Problem requirements = Copy exactly the lines from the one containing "this 2048×875 image." through the last line of the records, both included, and nothing more.

Data shown =
-- Opening Marker --

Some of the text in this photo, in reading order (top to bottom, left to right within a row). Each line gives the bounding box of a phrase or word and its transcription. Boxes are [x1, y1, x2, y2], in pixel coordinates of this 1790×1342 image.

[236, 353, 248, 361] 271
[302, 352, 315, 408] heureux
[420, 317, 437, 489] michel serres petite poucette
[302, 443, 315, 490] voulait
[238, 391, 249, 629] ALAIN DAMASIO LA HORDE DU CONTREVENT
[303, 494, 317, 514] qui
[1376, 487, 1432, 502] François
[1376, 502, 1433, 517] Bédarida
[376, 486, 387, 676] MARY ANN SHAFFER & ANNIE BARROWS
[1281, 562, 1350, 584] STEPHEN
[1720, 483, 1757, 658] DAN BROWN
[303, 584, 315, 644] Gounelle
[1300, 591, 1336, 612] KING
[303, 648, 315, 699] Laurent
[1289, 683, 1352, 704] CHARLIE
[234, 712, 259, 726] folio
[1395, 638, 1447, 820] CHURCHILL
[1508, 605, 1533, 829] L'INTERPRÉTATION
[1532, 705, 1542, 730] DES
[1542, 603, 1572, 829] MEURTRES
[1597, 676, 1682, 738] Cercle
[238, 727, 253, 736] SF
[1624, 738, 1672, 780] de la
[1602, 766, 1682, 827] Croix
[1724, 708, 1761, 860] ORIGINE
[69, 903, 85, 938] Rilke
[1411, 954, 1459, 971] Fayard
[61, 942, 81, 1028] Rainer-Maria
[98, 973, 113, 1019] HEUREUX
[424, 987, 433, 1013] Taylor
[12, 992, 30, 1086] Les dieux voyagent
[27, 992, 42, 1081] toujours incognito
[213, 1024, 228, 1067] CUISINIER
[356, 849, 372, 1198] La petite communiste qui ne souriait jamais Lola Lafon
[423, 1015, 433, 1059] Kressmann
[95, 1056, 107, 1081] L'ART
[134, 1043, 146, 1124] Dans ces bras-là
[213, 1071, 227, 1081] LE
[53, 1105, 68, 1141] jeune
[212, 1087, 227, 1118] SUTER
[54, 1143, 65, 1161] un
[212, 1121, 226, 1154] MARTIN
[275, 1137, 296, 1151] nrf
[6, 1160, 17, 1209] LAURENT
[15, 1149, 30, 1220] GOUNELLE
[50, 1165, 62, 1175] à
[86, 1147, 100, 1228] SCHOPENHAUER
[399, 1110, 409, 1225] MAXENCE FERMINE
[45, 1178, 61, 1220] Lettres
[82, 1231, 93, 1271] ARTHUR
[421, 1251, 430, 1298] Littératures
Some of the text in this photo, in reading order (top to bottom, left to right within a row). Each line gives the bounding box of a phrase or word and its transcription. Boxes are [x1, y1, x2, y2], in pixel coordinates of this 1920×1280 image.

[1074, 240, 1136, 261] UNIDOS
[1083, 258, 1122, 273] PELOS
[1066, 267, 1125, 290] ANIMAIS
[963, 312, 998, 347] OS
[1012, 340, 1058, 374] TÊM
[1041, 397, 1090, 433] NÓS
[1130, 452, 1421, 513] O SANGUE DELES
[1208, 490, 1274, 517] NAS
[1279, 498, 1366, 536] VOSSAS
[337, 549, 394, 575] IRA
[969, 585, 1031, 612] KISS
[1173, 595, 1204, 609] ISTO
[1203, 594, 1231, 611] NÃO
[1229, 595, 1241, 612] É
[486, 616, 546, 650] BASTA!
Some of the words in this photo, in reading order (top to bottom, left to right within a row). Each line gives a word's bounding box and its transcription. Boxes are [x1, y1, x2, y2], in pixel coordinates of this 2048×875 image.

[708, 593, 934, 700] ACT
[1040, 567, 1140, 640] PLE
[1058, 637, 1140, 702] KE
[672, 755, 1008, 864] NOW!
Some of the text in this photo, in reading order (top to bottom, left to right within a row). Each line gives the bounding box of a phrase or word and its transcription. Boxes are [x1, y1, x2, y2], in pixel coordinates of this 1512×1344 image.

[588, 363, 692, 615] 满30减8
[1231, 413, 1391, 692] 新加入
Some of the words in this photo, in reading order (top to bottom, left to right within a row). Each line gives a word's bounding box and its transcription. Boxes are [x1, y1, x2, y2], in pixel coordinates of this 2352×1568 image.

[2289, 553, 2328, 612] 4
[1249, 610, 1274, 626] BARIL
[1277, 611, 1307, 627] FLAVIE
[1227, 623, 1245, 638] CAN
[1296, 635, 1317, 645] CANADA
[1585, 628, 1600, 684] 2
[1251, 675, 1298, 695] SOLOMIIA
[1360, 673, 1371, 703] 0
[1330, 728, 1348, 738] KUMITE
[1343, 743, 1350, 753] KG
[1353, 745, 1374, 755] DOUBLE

-- Closing Marker --

Response area =
Some of the words in this photo, in reading order (top to bottom, left to right within a row). Each line gives a word's bounding box and its transcription. Boxes are [x1, y1, x2, y2], in pixel coordinates of this 2048×875 image.

[708, 593, 934, 700] ACT
[1040, 567, 1140, 640] PLE
[1058, 637, 1140, 702] KE
[672, 755, 1008, 864] NOW!
Some of the text in this photo, in reading order (top to bottom, left to right within a row). Each line gives the bounding box of a phrase or word and its transcription. Boxes are [x1, y1, x2, y2], in pixel coordinates of this 1512×1344 image.

[588, 363, 692, 615] 满30减8
[1231, 413, 1391, 692] 新加入
Some of the words in this photo, in reading order (top to bottom, left to right within a row). Each line gives a word's bounding box and its transcription. Boxes are [x1, y1, x2, y2], in pixel coordinates of this 2352×1568 image.

[2289, 553, 2328, 612] 4
[1249, 610, 1274, 626] BARIL
[1277, 611, 1307, 627] FLAVIE
[1227, 623, 1245, 638] CAN
[1296, 635, 1317, 645] CANADA
[1585, 628, 1600, 684] 2
[1251, 675, 1298, 695] SOLOMIIA
[1360, 673, 1371, 703] 0
[1330, 728, 1348, 738] KUMITE
[1343, 743, 1350, 753] KG
[1353, 745, 1374, 755] DOUBLE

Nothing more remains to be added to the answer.